Files
wifi-densepose/examples/data/framework/docs/GENOMICS_CLIENTS.md
ruv d803bfe2b1 Squashed 'vendor/ruvector/' content from commit b64c2172
git-subtree-dir: vendor/ruvector
git-subtree-split: b64c21726f2bb37286d9ee36a7869fef60cc6900
2026-02-28 14:39:40 -05:00

447 lines
11 KiB
Markdown

# Genomics and DNA Data API Clients
Comprehensive genomics data integration for RuVector's discovery framework, enabling cross-domain pattern detection between genomics, climate, medical, and economic data.
## Overview
The genomics clients module (`genomics_clients.rs`) provides four specialized API clients for accessing the world's largest genomics databases:
1. **NcbiClient** - NCBI Entrez APIs (genes, proteins, nucleotides, SNPs)
2. **UniProtClient** - UniProt protein knowledge base
3. **EnsemblClient** - Ensembl genomic annotations
4. **GwasClient** - GWAS Catalog (genome-wide association studies)

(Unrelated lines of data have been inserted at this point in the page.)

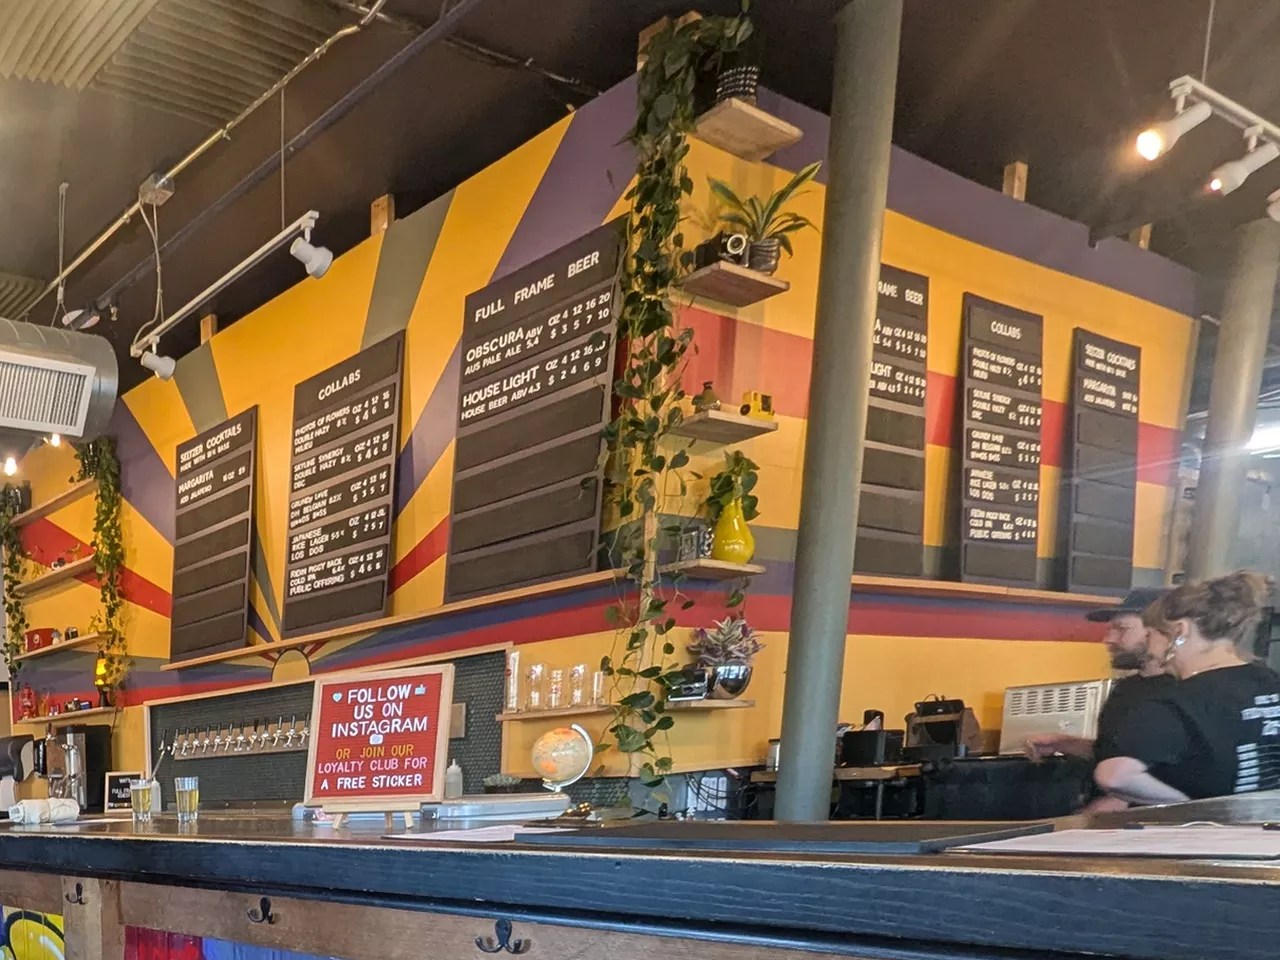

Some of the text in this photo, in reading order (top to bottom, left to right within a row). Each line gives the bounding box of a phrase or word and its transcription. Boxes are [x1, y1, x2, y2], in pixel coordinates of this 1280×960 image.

[475, 251, 600, 322] FULL FRAME BEER
[905, 288, 924, 305] BEER
[466, 292, 610, 362] OBSCURA ABV OZ 4 12 16 20
[990, 320, 1021, 340] COLLABS
[465, 308, 609, 376] AUS PALE ALE 5.4 $ 3 5 7 10
[318, 369, 361, 401] COLLABS
[463, 384, 500, 407] HOUSE
[503, 365, 539, 392] LIGHT
[545, 359, 558, 371] OZ
[561, 355, 567, 364] 4
[570, 350, 580, 361] 12
[583, 345, 593, 357] 16
[461, 403, 485, 420] HOUSE
[488, 394, 508, 410] BEER
[511, 387, 528, 401] ABV
[548, 375, 555, 386] $
[560, 370, 566, 380] 2
[570, 365, 577, 374] 4
[583, 362, 590, 372] 6
[594, 357, 602, 367] 9
[325, 405, 351, 423] FLOWERS
[352, 403, 363, 414] OZ
[371, 395, 379, 405] 12
[206, 423, 242, 449] COCKTAILS
[294, 431, 314, 446] DOUBLE
[314, 425, 330, 437] HAZY
[362, 410, 369, 420] 4
[371, 406, 377, 414] 6
[293, 458, 316, 473] SKYLINE
[318, 447, 344, 463] SYNERGY
[354, 442, 365, 453] OZ
[293, 466, 317, 481] DOUBLE
[319, 459, 337, 472] HAZY
[365, 449, 372, 459] 4
[373, 447, 378, 456] 6
[178, 469, 214, 494] MARGARITA
[350, 481, 362, 492] OZ
[303, 499, 327, 514] BELGIAN
[291, 527, 322, 544] JAPANESE
[349, 516, 360, 527] OZ
[291, 541, 306, 552] RICE
[309, 534, 329, 547] LAGER
[291, 544, 324, 561] LOS DOS
[289, 576, 306, 587] COLD
[307, 573, 317, 582] IPA
[358, 563, 365, 574] 4
[367, 563, 373, 572] 6
[308, 562, 326, 573] PIGGY
[326, 558, 343, 568] BACK
[348, 555, 359, 565] OZ
[289, 574, 345, 596] PUBLIC OFFERING
[348, 684, 412, 704] FOLLOW
[353, 702, 403, 720] US ON
[331, 716, 428, 738] INSTAGRAM
[336, 743, 415, 760] OR JOIN OUR
[317, 756, 428, 774] LOYALTY CLUB FOR
[321, 773, 423, 790] A FREE STICKER

All data is automatically converted to `SemanticVector` format with `Domain::Genomics` for seamless integration with RuVector's vector database and coherence analysis.
## Features
-**Rate limiting** with exponential backoff (NCBI: 3 req/s without key, 10 req/s with key)
-**Retry logic** with configurable attempts
-**NCBI API key support** for higher rate limits
-**Automatic embedding generation** using SimpleEmbedder (384 dimensions)
-**Semantic vector conversion** with rich metadata
-**Cross-domain discovery** enabled (Genomics ↔ Climate, Medical, Economic)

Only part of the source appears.